First off: RIP to me mispronouncing “causality” like fifty times in the early Discworld videos. R I P.
The Auditors. It’s the Auditors who are behind this?
The chapter title gave me the answer, but it took the entirety of chapter fifteen for me to get the WHY. Because on the surface, it made no sense. What exactly did the Auditors have against the people of Roundworld? Why interfere and why do it in this specific way?
The fifteenth chapter builds to the answer of those questions, and it does so by demonstrating the complicated nature of causality. And while I’ll get into that a bit more in the Roundworld section, it’s clear that the wizards are struggling with the events that apparently cause Darwin’s timeline to be shifted. And there are thousands of these such moments, spread across his lifetime and probably some moments before he’s even born. (We’ve seen at least one of them on the page!)
So, the wizards pop off into Roundworld, armed with simple instructions to do seemingly mundane things, and as they do so, Darwin’s timeline is corrected piece-by-piece… right up until Rincewind. Oh, Rincewind. Of course his mission would get interrupted like this! But it made me wonder: did the Auditors intervene in any of the other attempts to disrupt Darwin’s past? My guess is that they didn’t, and in this case, it was a rogue Auditor (a very dangerous thing, mind you) who took it upon themselves to try to fix things. See, the Auditors don’t like to be obvious, and this was obvious, so I’m thinking it was a mistake. One they might pay for dearly in the future! Regardless, the evidence is there, and we know that the Auditors hate humanity (and life forms in general, but especially humans), what better way to get rid of them than start a long con? Because that’s basically what this is! By derailing Darwin, humans eventually stay on Roundworld too long and never get to the point where they’re supposed to leave Earth, and then POOF! Extinct.
MESSED UP, Y’ALL.
So: we’ve got a grand scheme in place to wipe out humanity over the course of multiple centuries, and this ends up being the means by which Cohen and Stewart discuss what causality and changing history actually entails. (GNU Jack Cohen.) And obviously, this is a hard subject to talk about because we can’t, like… test it? There’s no real way to demonstrate what changing history actually does! However, I really appreciated that the authors guided the reader through this lesson by grounding us first in the fictional world. Today, I learned what a consistent invention and an inconsistent invention is, and those are SUPER GREAT TERMS for someone like me, who at some point is going to write the kind of speculative fiction that’ll make me think about these sort of things.

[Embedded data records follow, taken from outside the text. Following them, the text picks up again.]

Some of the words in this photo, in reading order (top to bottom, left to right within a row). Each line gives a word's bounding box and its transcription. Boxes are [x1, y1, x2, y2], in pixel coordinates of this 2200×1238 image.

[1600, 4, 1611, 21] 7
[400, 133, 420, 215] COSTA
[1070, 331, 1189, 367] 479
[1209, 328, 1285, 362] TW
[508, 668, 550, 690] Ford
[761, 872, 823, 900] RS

From this point, though, I got to learn about divergence and the theory that some scientists hold that our universe is constantly diverging into new universes based on every action taken by every party imaginable. (Which got me thinking about how many universe diverged from my own based on every word that I typed into this application, and it took a whole ten seconds for my brain to feel like it was going to short-circuit, so I stopped that real quick.) But I’m more inclined to believe the theories that Stewart and Cohen bring up, namely that:
If live is ‘easy’ to originate (and the evidence does look that way) then this isn’t an exercise in going back and killing your grandfather, or if it is, your grandfather is a vampire and doesn’t remain killed. If live is easy to invent, then preventing it happening once, or a million times, will make no difference in the long run. The same process that generated it will happen again.

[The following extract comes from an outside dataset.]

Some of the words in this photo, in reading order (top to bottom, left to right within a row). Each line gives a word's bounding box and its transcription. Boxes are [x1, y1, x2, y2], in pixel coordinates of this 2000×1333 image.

And those of us who are genre fans have seen ideas like this play out in the realm of stories. I’m thinking namely of Doctor Who, where certain things are a fixed point in time, and no matter what you try to do to change them, time has a way of repairing itself. Which isn’t really what this is discussing, but more that, given a certain set of rules, there are certain inevitabilities, parochial themes and evolutions that are bound to occur. (“Large-scale themes,” as called by the text.)
So, I’m expecting that the second half of this chapter will largely address what is at the end of the first section: How does causality actually work? If it’s not a “thin string, a linear chain of events, link following link following link,” then what is it? And do our actions change the course of history, or are they blips of nothing in a deep ocean of time?